Here's the basic code you need to achieve what you want:

{
    local $/ = 'Query= ';

    while (<$filehandle>) {
        print "$1\t$2" if / \A (\S+) .*? ^ > (\S+) /msx;
    }
}
[download]

I suggest you read the open documentation for a better way to open your files (i.e. 3-argument form with a lexical filehandle). You should also check that your I/O has worked: either hand-craft messages as shown in the open documentation or, and this is my general preference, let Perl do this for you by using the autodie pragma.
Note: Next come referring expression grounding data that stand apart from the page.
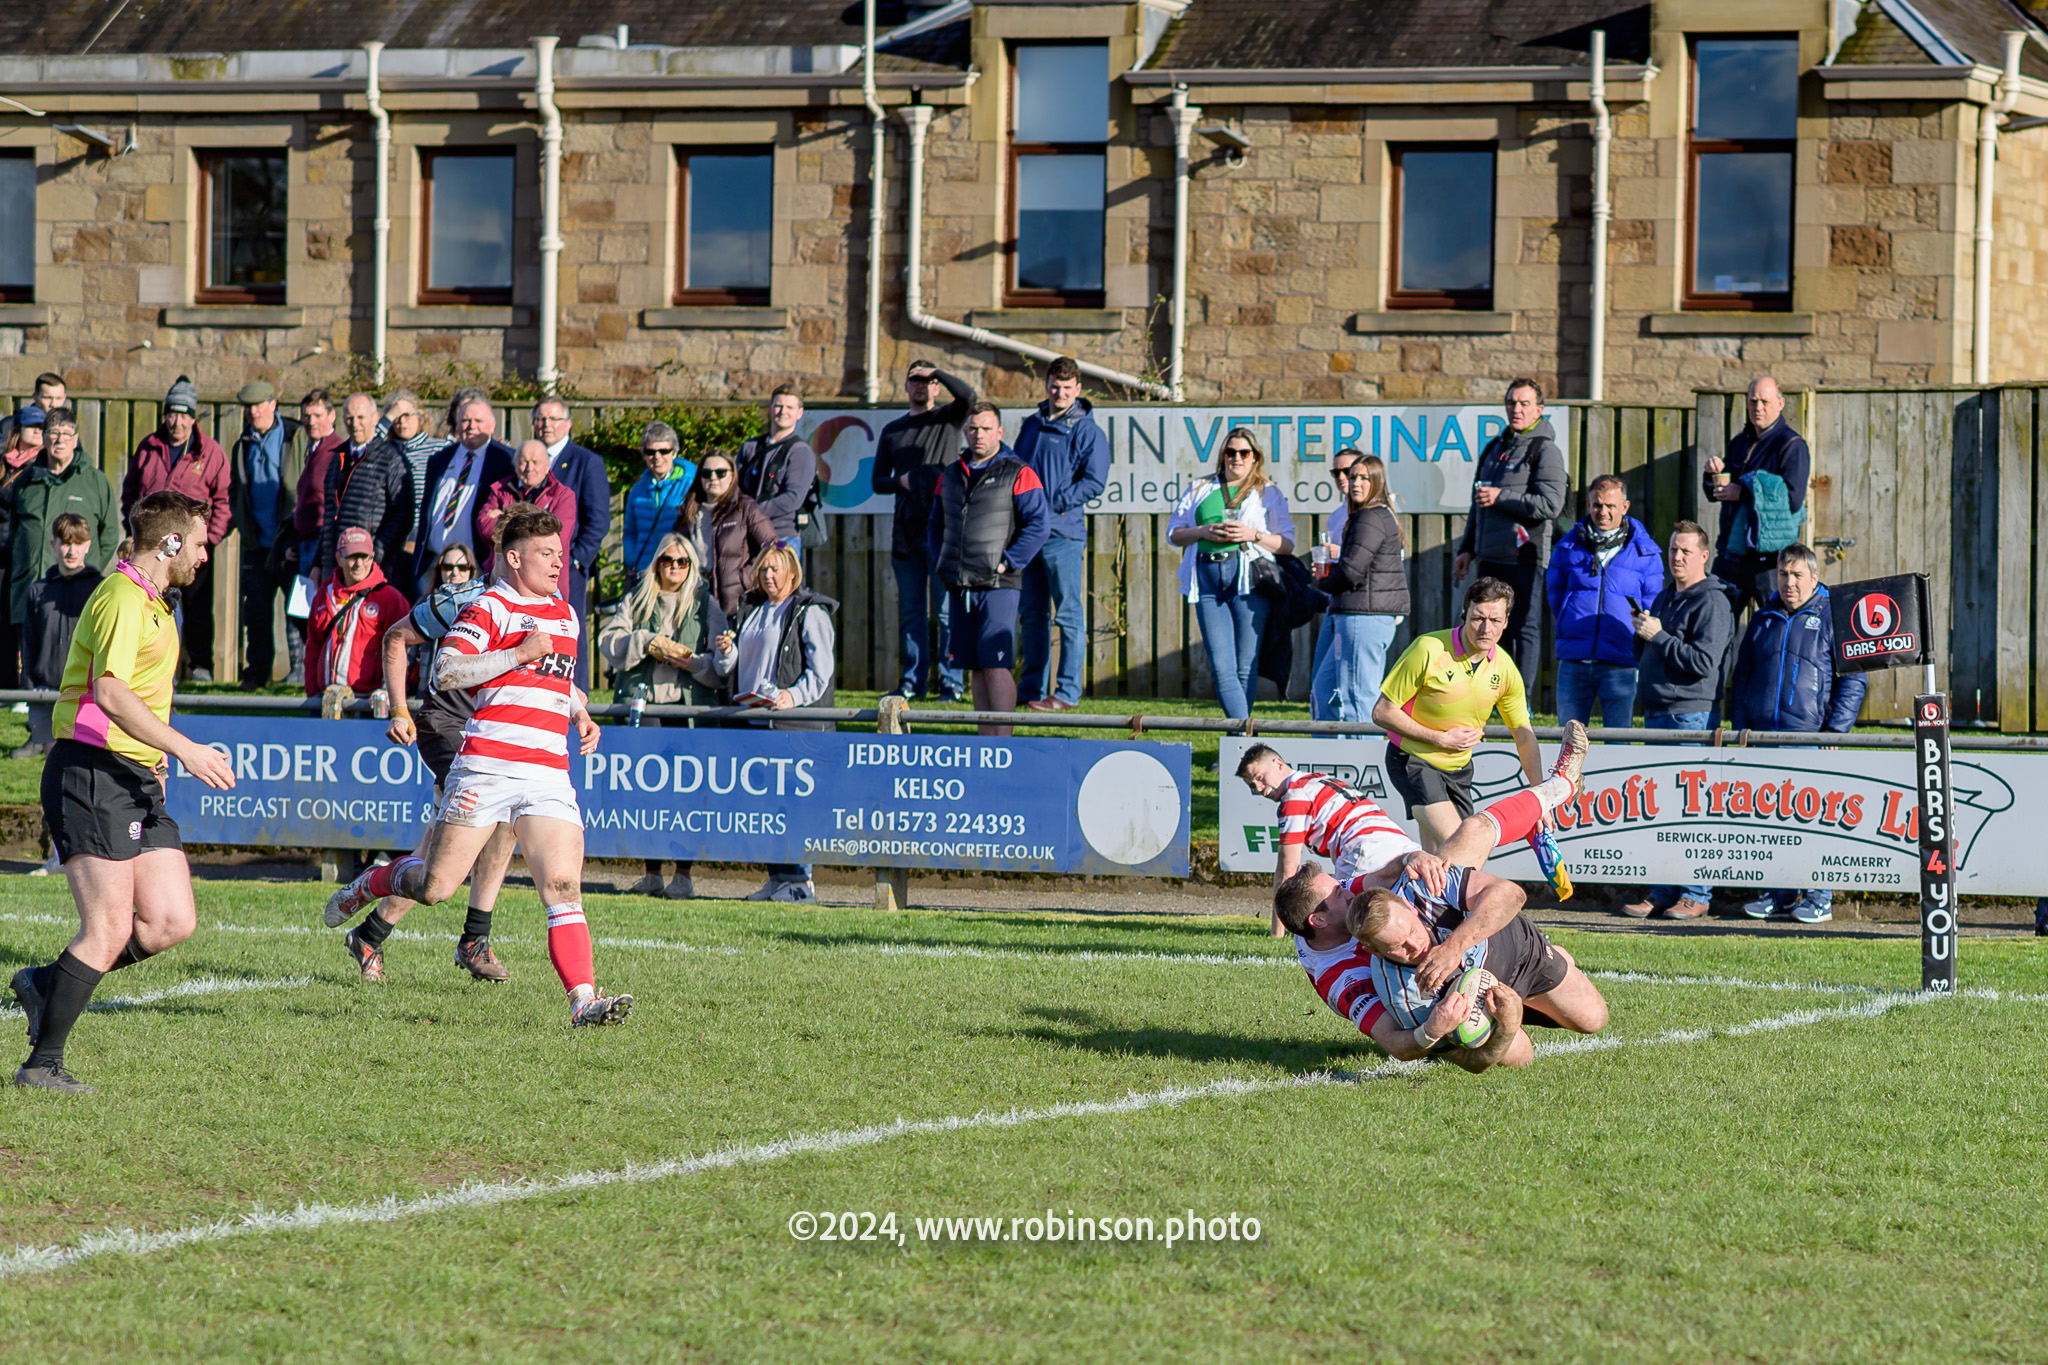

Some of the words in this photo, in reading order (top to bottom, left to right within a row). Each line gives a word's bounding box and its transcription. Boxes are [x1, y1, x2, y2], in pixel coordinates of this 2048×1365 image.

[1184, 414, 1552, 463] VTERINAR
[847, 743, 971, 768] JEDBURGH
[980, 747, 1013, 769] RD
[584, 753, 815, 797] PRODUCTS
[894, 777, 965, 800] KELSO
[1676, 769, 1865, 831] Tractors
[201, 795, 290, 819] PRECAST
[297, 798, 412, 823] CONCRETE
[585, 808, 786, 835] MANUFACTURERS
[833, 808, 864, 830] Tel
[871, 810, 937, 833] 01573
[945, 813, 1026, 835] 224393
[804, 837, 1055, 860] SALES@BORDERCONCRETE.CO.UK
[1657, 831, 1803, 846] BERWICK-UPON-TWEED
[1583, 848, 1623, 860] KELSO
[1685, 848, 1723, 860] 01289
[1727, 850, 1773, 861] 331904
[1821, 855, 1892, 868] MACMERRY
[1601, 864, 1647, 877] 225213
[1693, 868, 1764, 881] SWARLAND
[1811, 871, 1851, 883] 01875
[1854, 872, 1901, 884] 617323
My test code, test data and output is in the spoiler:

#!/usr/bin/env perl -l

use strict;
use warnings;

{
    local $/ = 'Query= ';

    while (<DATA>) {
        print "$1\t$2" if / \A (\S+) .*? ^ > (\S+) /msx;
    }
}

__DATA__

Query= sp|P30443|1A01_HUMAN HLA class I histocompatibility antigen,
A-1 alpha chain OS=Homo sapiens GN=HLA-A PE=1 SV=1
         (365 letters)

...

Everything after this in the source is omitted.